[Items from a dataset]
----
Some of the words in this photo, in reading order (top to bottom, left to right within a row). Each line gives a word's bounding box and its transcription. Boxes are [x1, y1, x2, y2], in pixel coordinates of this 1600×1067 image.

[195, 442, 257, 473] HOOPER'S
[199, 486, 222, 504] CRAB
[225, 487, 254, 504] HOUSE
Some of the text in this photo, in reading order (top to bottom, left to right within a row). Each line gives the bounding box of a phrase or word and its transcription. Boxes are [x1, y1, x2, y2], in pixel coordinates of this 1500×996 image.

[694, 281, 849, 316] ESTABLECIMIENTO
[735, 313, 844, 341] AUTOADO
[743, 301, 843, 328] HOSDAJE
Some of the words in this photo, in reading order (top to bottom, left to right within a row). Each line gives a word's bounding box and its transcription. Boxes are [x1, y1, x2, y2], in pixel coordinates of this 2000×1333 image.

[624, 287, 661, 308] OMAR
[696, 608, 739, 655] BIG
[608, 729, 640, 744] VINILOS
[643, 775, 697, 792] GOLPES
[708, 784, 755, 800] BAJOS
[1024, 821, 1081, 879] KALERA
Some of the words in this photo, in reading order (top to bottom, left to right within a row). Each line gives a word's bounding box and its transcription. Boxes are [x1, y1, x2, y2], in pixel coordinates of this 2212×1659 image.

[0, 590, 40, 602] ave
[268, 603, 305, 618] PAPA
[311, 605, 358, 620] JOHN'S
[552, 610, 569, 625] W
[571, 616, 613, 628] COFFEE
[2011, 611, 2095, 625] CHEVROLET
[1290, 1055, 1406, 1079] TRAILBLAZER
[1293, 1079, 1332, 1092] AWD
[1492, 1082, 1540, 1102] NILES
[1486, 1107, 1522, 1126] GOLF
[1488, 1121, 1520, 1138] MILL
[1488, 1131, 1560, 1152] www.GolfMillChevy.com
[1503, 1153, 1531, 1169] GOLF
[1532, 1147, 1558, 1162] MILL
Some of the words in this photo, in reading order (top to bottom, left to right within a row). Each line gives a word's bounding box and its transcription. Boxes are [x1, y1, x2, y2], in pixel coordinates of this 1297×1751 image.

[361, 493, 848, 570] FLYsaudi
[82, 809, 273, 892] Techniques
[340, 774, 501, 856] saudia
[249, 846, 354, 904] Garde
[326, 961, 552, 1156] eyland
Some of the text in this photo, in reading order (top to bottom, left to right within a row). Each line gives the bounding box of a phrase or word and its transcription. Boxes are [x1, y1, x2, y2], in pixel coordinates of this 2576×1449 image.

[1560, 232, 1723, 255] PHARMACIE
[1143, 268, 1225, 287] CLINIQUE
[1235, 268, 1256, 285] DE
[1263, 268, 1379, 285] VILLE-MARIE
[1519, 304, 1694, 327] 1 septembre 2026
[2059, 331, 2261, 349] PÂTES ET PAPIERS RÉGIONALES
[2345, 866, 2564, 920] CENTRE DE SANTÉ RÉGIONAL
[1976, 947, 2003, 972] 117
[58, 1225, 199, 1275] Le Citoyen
----
Restate the data above in full, keeping every word as it is.

Some of the words in this photo, in reading order (top to bottom, left to right within a row). Each line gives a word's bounding box and its transcription. Boxes are [x1, y1, x2, y2], in pixel coordinates of this 1600×1067 image.

[195, 442, 257, 473] HOOPER'S
[199, 486, 222, 504] CRAB
[225, 487, 254, 504] HOUSE
Some of the text in this photo, in reading order (top to bottom, left to right within a row). Each line gives the bounding box of a phrase or word and its transcription. Boxes are [x1, y1, x2, y2], in pixel coordinates of this 1500×996 image.

[694, 281, 849, 316] ESTABLECIMIENTO
[735, 313, 844, 341] AUTOADO
[743, 301, 843, 328] HOSDAJE
Some of the words in this photo, in reading order (top to bottom, left to right within a row). Each line gives a word's bounding box and its transcription. Boxes are [x1, y1, x2, y2], in pixel coordinates of this 2000×1333 image.

[624, 287, 661, 308] OMAR
[696, 608, 739, 655] BIG
[608, 729, 640, 744] VINILOS
[643, 775, 697, 792] GOLPES
[708, 784, 755, 800] BAJOS
[1024, 821, 1081, 879] KALERA
Some of the words in this photo, in reading order (top to bottom, left to right within a row). Each line gives a word's bounding box and its transcription. Boxes are [x1, y1, x2, y2], in pixel coordinates of this 2212×1659 image.

[0, 590, 40, 602] ave
[268, 603, 305, 618] PAPA
[311, 605, 358, 620] JOHN'S
[552, 610, 569, 625] W
[571, 616, 613, 628] COFFEE
[2011, 611, 2095, 625] CHEVROLET
[1290, 1055, 1406, 1079] TRAILBLAZER
[1293, 1079, 1332, 1092] AWD
[1492, 1082, 1540, 1102] NILES
[1486, 1107, 1522, 1126] GOLF
[1488, 1121, 1520, 1138] MILL
[1488, 1131, 1560, 1152] www.GolfMillChevy.com
[1503, 1153, 1531, 1169] GOLF
[1532, 1147, 1558, 1162] MILL
Some of the words in this photo, in reading order (top to bottom, left to right within a row). Each line gives a word's bounding box and its transcription. Boxes are [x1, y1, x2, y2], in pixel coordinates of this 1297×1751 image.

[361, 493, 848, 570] FLYsaudi
[82, 809, 273, 892] Techniques
[340, 774, 501, 856] saudia
[249, 846, 354, 904] Garde
[326, 961, 552, 1156] eyland
Some of the text in this photo, in reading order (top to bottom, left to right within a row). Each line gives the bounding box of a phrase or word and its transcription. Boxes are [x1, y1, x2, y2], in pixel coordinates of this 2576×1449 image.

[1560, 232, 1723, 255] PHARMACIE
[1143, 268, 1225, 287] CLINIQUE
[1235, 268, 1256, 285] DE
[1263, 268, 1379, 285] VILLE-MARIE
[1519, 304, 1694, 327] 1 septembre 2026
[2059, 331, 2261, 349] PÂTES ET PAPIERS RÉGIONALES
[2345, 866, 2564, 920] CENTRE DE SANTÉ RÉGIONAL
[1976, 947, 2003, 972] 117
[58, 1225, 199, 1275] Le Citoyen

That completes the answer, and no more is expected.